What the task requires | Your task is to copy every record exactly.
****************
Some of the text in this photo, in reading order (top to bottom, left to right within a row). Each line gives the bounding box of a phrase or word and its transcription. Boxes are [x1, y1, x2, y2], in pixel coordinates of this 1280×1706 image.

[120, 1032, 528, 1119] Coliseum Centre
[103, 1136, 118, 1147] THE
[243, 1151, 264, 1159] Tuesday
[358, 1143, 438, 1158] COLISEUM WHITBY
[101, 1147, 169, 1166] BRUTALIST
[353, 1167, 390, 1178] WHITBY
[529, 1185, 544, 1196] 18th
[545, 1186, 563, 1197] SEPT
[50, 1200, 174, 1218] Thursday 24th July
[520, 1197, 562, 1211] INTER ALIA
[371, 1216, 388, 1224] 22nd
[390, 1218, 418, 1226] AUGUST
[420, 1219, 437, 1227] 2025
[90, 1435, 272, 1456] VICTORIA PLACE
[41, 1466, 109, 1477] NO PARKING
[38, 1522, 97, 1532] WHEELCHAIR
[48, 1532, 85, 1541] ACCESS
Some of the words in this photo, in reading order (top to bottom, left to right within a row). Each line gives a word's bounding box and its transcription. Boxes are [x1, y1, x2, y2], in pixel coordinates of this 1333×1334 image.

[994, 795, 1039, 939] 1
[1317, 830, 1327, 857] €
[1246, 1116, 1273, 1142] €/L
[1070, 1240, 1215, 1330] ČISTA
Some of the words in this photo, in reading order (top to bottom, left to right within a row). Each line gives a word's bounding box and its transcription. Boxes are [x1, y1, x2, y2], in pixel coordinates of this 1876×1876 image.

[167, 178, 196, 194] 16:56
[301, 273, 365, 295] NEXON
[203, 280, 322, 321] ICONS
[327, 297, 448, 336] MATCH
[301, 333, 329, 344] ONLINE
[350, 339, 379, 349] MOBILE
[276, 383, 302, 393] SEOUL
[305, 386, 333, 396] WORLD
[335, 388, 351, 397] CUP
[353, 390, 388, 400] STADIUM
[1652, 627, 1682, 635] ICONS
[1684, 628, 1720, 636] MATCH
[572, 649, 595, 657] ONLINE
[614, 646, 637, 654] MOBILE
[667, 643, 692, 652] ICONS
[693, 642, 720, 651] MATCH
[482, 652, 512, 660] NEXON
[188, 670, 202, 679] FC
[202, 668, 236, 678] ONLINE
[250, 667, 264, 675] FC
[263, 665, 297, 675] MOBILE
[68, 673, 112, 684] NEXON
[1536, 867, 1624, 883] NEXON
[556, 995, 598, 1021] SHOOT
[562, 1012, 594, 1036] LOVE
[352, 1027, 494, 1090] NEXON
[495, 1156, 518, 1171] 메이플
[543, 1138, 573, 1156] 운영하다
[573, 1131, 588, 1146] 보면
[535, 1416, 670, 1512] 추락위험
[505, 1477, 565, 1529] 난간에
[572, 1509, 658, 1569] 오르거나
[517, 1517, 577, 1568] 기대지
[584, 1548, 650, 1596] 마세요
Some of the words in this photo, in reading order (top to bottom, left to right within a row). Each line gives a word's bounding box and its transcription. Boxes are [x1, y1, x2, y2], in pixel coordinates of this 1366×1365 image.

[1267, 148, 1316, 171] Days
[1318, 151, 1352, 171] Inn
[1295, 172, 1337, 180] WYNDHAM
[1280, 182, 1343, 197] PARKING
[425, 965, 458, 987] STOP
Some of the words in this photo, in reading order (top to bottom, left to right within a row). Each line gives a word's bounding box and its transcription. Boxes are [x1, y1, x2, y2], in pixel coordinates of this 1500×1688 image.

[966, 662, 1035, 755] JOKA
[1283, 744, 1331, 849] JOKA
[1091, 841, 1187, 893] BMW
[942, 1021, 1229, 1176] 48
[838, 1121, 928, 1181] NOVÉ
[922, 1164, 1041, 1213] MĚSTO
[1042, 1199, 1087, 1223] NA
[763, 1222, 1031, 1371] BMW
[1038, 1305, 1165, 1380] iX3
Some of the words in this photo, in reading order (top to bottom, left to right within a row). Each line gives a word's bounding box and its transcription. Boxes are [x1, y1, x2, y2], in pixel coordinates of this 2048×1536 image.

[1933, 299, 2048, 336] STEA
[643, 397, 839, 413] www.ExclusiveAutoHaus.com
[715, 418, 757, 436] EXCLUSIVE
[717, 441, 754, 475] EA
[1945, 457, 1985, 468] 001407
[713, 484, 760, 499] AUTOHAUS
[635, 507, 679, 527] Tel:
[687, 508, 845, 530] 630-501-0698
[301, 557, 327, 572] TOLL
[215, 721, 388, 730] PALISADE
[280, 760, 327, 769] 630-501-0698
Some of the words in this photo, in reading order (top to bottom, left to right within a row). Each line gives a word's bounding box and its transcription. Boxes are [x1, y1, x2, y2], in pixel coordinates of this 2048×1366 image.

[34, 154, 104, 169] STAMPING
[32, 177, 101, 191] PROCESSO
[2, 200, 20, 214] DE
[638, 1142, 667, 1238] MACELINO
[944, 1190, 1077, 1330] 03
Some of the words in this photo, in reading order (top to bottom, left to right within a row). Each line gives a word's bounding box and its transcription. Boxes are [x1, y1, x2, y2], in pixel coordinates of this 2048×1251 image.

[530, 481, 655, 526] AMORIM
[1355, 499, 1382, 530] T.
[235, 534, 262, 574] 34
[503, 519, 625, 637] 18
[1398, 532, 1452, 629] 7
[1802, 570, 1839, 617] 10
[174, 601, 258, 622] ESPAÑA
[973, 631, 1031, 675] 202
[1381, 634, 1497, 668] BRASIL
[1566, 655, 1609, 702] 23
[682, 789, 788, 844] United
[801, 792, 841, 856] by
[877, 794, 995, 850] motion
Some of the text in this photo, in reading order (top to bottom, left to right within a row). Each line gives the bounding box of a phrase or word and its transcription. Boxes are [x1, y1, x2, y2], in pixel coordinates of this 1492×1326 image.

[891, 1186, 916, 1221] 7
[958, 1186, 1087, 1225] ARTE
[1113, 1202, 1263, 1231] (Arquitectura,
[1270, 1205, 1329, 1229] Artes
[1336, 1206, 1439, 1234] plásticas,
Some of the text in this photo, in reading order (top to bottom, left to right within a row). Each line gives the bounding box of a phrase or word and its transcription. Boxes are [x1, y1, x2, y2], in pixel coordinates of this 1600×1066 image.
****************
Result |
Some of the text in this photo, in reading order (top to bottom, left to right within a row). Each line gives the bounding box of a phrase or word and its transcription. Boxes are [x1, y1, x2, y2], in pixel coordinates of this 1280×1706 image.

[120, 1032, 528, 1119] Coliseum Centre
[103, 1136, 118, 1147] THE
[243, 1151, 264, 1159] Tuesday
[358, 1143, 438, 1158] COLISEUM WHITBY
[101, 1147, 169, 1166] BRUTALIST
[353, 1167, 390, 1178] WHITBY
[529, 1185, 544, 1196] 18th
[545, 1186, 563, 1197] SEPT
[50, 1200, 174, 1218] Thursday 24th July
[520, 1197, 562, 1211] INTER ALIA
[371, 1216, 388, 1224] 22nd
[390, 1218, 418, 1226] AUGUST
[420, 1219, 437, 1227] 2025
[90, 1435, 272, 1456] VICTORIA PLACE
[41, 1466, 109, 1477] NO PARKING
[38, 1522, 97, 1532] WHEELCHAIR
[48, 1532, 85, 1541] ACCESS
Some of the words in this photo, in reading order (top to bottom, left to right within a row). Each line gives a word's bounding box and its transcription. Boxes are [x1, y1, x2, y2], in pixel coordinates of this 1333×1334 image.

[994, 795, 1039, 939] 1
[1317, 830, 1327, 857] €
[1246, 1116, 1273, 1142] €/L
[1070, 1240, 1215, 1330] ČISTA
Some of the words in this photo, in reading order (top to bottom, left to right within a row). Each line gives a word's bounding box and its transcription. Boxes are [x1, y1, x2, y2], in pixel coordinates of this 1876×1876 image.

[167, 178, 196, 194] 16:56
[301, 273, 365, 295] NEXON
[203, 280, 322, 321] ICONS
[327, 297, 448, 336] MATCH
[301, 333, 329, 344] ONLINE
[350, 339, 379, 349] MOBILE
[276, 383, 302, 393] SEOUL
[305, 386, 333, 396] WORLD
[335, 388, 351, 397] CUP
[353, 390, 388, 400] STADIUM
[1652, 627, 1682, 635] ICONS
[1684, 628, 1720, 636] MATCH
[572, 649, 595, 657] ONLINE
[614, 646, 637, 654] MOBILE
[667, 643, 692, 652] ICONS
[693, 642, 720, 651] MATCH
[482, 652, 512, 660] NEXON
[188, 670, 202, 679] FC
[202, 668, 236, 678] ONLINE
[250, 667, 264, 675] FC
[263, 665, 297, 675] MOBILE
[68, 673, 112, 684] NEXON
[1536, 867, 1624, 883] NEXON
[556, 995, 598, 1021] SHOOT
[562, 1012, 594, 1036] LOVE
[352, 1027, 494, 1090] NEXON
[495, 1156, 518, 1171] 메이플
[543, 1138, 573, 1156] 운영하다
[573, 1131, 588, 1146] 보면
[535, 1416, 670, 1512] 추락위험
[505, 1477, 565, 1529] 난간에
[572, 1509, 658, 1569] 오르거나
[517, 1517, 577, 1568] 기대지
[584, 1548, 650, 1596] 마세요
Some of the words in this photo, in reading order (top to bottom, left to right within a row). Each line gives a word's bounding box and its transcription. Boxes are [x1, y1, x2, y2], in pixel coordinates of this 1366×1365 image.

[1267, 148, 1316, 171] Days
[1318, 151, 1352, 171] Inn
[1295, 172, 1337, 180] WYNDHAM
[1280, 182, 1343, 197] PARKING
[425, 965, 458, 987] STOP
Some of the words in this photo, in reading order (top to bottom, left to right within a row). Each line gives a word's bounding box and its transcription. Boxes are [x1, y1, x2, y2], in pixel coordinates of this 1500×1688 image.

[966, 662, 1035, 755] JOKA
[1283, 744, 1331, 849] JOKA
[1091, 841, 1187, 893] BMW
[942, 1021, 1229, 1176] 48
[838, 1121, 928, 1181] NOVÉ
[922, 1164, 1041, 1213] MĚSTO
[1042, 1199, 1087, 1223] NA
[763, 1222, 1031, 1371] BMW
[1038, 1305, 1165, 1380] iX3
Some of the words in this photo, in reading order (top to bottom, left to right within a row). Each line gives a word's bounding box and its transcription. Boxes are [x1, y1, x2, y2], in pixel coordinates of this 2048×1536 image.

[1933, 299, 2048, 336] STEA
[643, 397, 839, 413] www.ExclusiveAutoHaus.com
[715, 418, 757, 436] EXCLUSIVE
[717, 441, 754, 475] EA
[1945, 457, 1985, 468] 001407
[713, 484, 760, 499] AUTOHAUS
[635, 507, 679, 527] Tel:
[687, 508, 845, 530] 630-501-0698
[301, 557, 327, 572] TOLL
[215, 721, 388, 730] PALISADE
[280, 760, 327, 769] 630-501-0698
Some of the words in this photo, in reading order (top to bottom, left to right within a row). Each line gives a word's bounding box and its transcription. Boxes are [x1, y1, x2, y2], in pixel coordinates of this 2048×1366 image.

[34, 154, 104, 169] STAMPING
[32, 177, 101, 191] PROCESSO
[2, 200, 20, 214] DE
[638, 1142, 667, 1238] MACELINO
[944, 1190, 1077, 1330] 03
Some of the words in this photo, in reading order (top to bottom, left to right within a row). Each line gives a word's bounding box and its transcription. Boxes are [x1, y1, x2, y2], in pixel coordinates of this 2048×1251 image.

[530, 481, 655, 526] AMORIM
[1355, 499, 1382, 530] T.
[235, 534, 262, 574] 34
[503, 519, 625, 637] 18
[1398, 532, 1452, 629] 7
[1802, 570, 1839, 617] 10
[174, 601, 258, 622] ESPAÑA
[973, 631, 1031, 675] 202
[1381, 634, 1497, 668] BRASIL
[1566, 655, 1609, 702] 23
[682, 789, 788, 844] United
[801, 792, 841, 856] by
[877, 794, 995, 850] motion
Some of the text in this photo, in reading order (top to bottom, left to right within a row). Each line gives the bounding box of a phrase or word and its transcription. Boxes are [x1, y1, x2, y2], in pixel coordinates of this 1492×1326 image.

[891, 1186, 916, 1221] 7
[958, 1186, 1087, 1225] ARTE
[1113, 1202, 1263, 1231] (Arquitectura,
[1270, 1205, 1329, 1229] Artes
[1336, 1206, 1439, 1234] plásticas,
Some of the text in this photo, in reading order (top to bottom, left to right within a row). Each line gives the bounding box of a phrase or word and its transcription. Boxes are [x1, y1, x2, y2], in pixel coordinates of this 1600×1066 image.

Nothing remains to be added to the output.